2017 science fiction, 10 episodes. The space bounty hunters rapidly
shift into preparations for all-out war.
The key difference between something like this and something like
Dark Matter, I think, is that while Dark Matter is spackle that
will conform round anything it's given, while this show started that
way it's found a voice and an idiom of its own. Even if it's one that
changes a lot: the Nine Families who were so important in the first
two seasons are largely missing here, because the role of the
opposition has shifted to the aliens who've previously been
infiltrating by taking over humans, and apparently they have a fleet.
But the great big battle only happens in the last episode; the rest is
setting things up for that battle, which means recruiting allies who
don't necessarily believe how high the stakes are.
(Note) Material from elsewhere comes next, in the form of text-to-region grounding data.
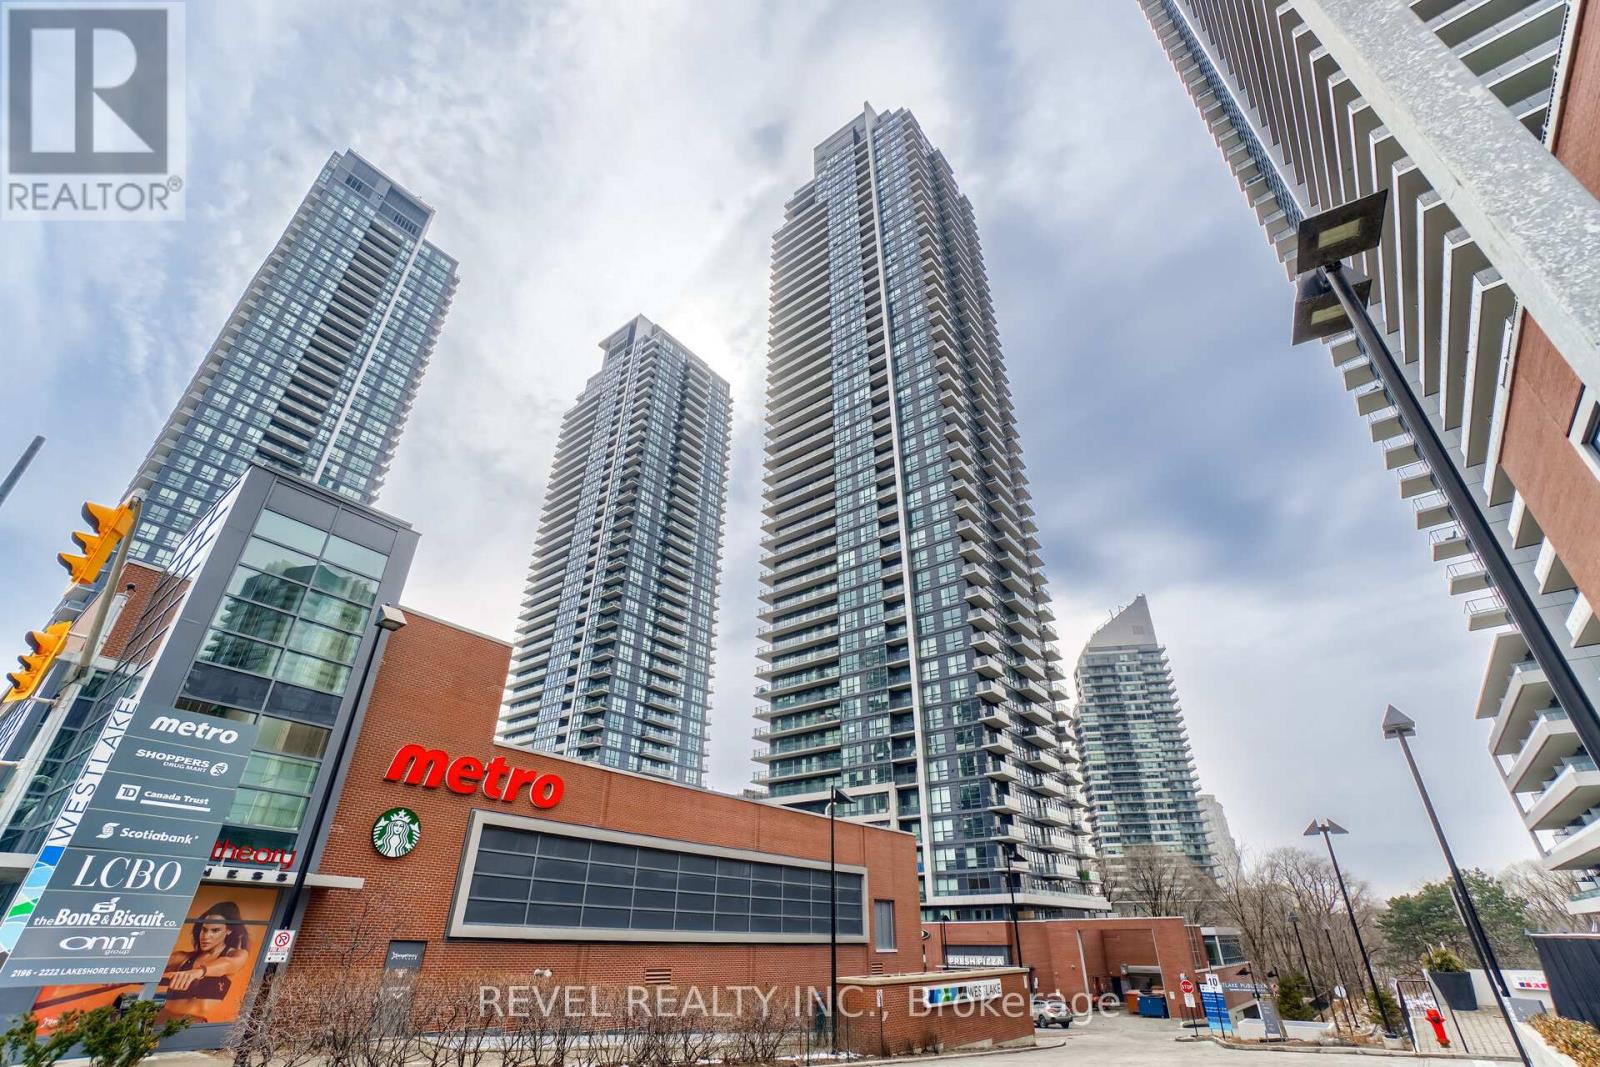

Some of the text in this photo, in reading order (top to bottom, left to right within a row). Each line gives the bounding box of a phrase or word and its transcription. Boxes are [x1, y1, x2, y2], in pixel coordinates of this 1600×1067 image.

[149, 716, 239, 744] metro
[135, 748, 210, 768] SHOPPERS
[163, 761, 208, 773] DRUG MART
[49, 701, 138, 842] WESTLAKE
[383, 743, 566, 810] metro
[144, 790, 209, 805] Canada Trust
[120, 827, 193, 844] Scotiabank
[210, 838, 297, 871] theory
[72, 854, 182, 891] LCBO
[34, 916, 55, 926] the
[54, 908, 100, 926] Bone
[101, 914, 110, 925] &
[110, 909, 165, 927] Biscuit
[59, 930, 141, 951] onni
[104, 949, 130, 957] group
[10, 969, 32, 978] 2196
[38, 968, 59, 977] 2222
[60, 967, 109, 976] LAKESHORE
[109, 966, 156, 975] BOULEVARD
[1208, 977, 1218, 987] 10
So while there's
plenty of people arguing on a spaceship there are also important
recurring characters, some of them returning from earlier seasons,
some introduced here, and the stories are very much more about the
people than they are about the zoomy spaceships.
I was particularly impressed by Kelly McCormack, as a technician who's
allowed to be not only clever but clever in a different way from the
character of Johnny who's usually the scripts' mouthpiece for sciencey
stuff. Too many writers have only one mode of "smart person" available
to them (just as too many regard "the girl" as a character
definition), and it's pleasing to see that some people here realise
that there's more than one way of doing that.
Yes, most things will get resolved by the end of the episode and every
planet looks like the Canadian forest, but this show has shed much of
its generic skin and moved into something distinctly more interesting.
The series returned for two more seasons.